(Dataset entries)
+ + + + +
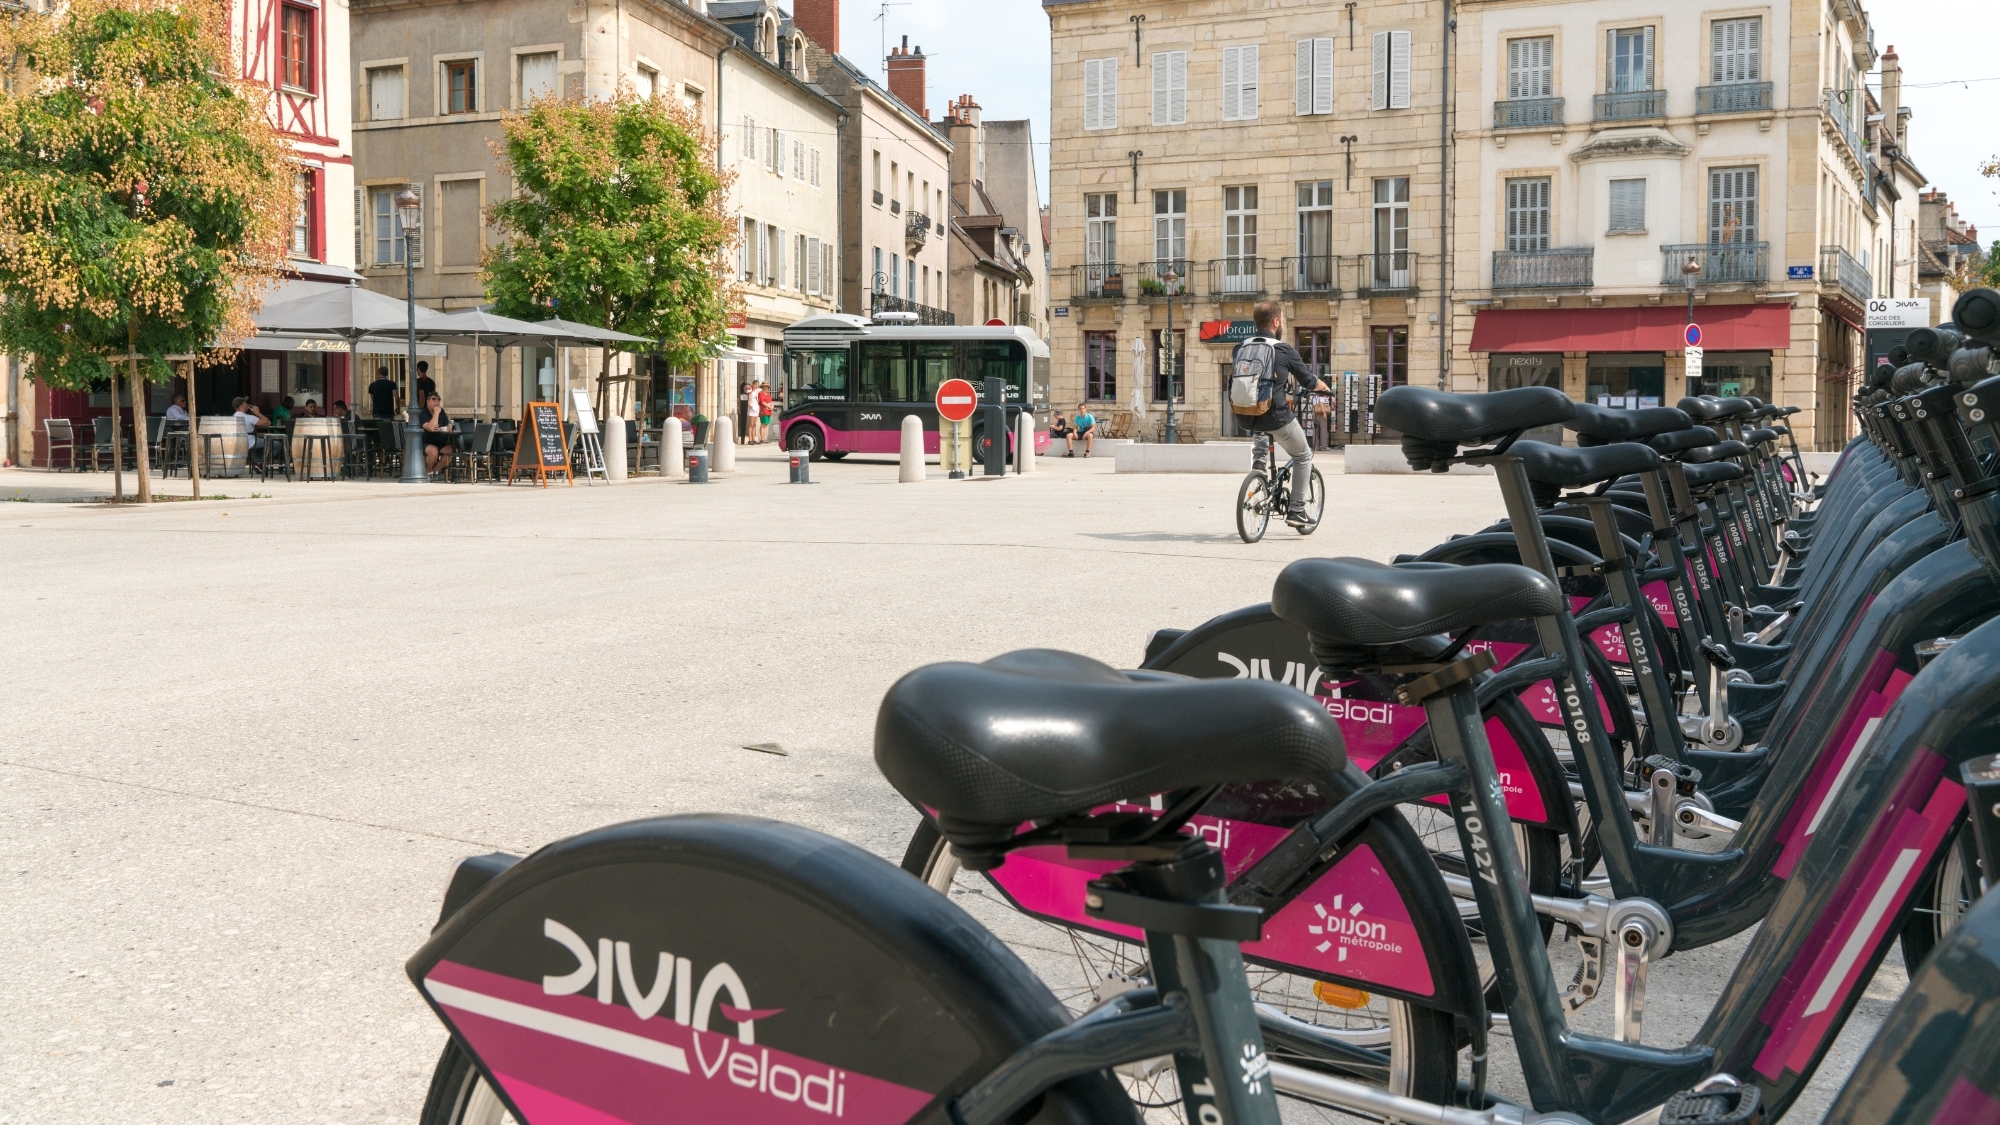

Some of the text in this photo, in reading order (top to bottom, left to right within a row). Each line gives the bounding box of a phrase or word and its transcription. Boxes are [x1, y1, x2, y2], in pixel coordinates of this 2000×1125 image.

[1869, 300, 1887, 312] 06
[1219, 323, 1258, 335] Librairi
[296, 339, 350, 351] Le Déclic
[1509, 356, 1542, 366] nexity
[1742, 509, 1753, 532] 10260
[1754, 500, 1764, 519] 10222
[1728, 522, 1742, 547] 10085
[1713, 535, 1728, 563] 10386
[1695, 558, 1711, 590] 10364
[1674, 586, 1692, 622] 10261
[1629, 628, 1652, 675] 10214
[1563, 683, 1591, 744] 10108
[1460, 801, 1498, 885] 10427
[1339, 935, 1402, 953] métropole
[692, 1030, 845, 1117] Velodi
+ + + + +
Write out each entry exactly as given, but skip the pictures.

Some of the text in this photo, in reading order (top to bottom, left to right within a row). Each line gives the bounding box of a phrase or word and its transcription. Boxes are [x1, y1, x2, y2], in pixel coordinates of this 2000×1125 image.

[1869, 300, 1887, 312] 06
[1219, 323, 1258, 335] Librairi
[296, 339, 350, 351] Le Déclic
[1509, 356, 1542, 366] nexity
[1742, 509, 1753, 532] 10260
[1754, 500, 1764, 519] 10222
[1728, 522, 1742, 547] 10085
[1713, 535, 1728, 563] 10386
[1695, 558, 1711, 590] 10364
[1674, 586, 1692, 622] 10261
[1629, 628, 1652, 675] 10214
[1563, 683, 1591, 744] 10108
[1460, 801, 1498, 885] 10427
[1339, 935, 1402, 953] métropole
[692, 1030, 845, 1117] Velodi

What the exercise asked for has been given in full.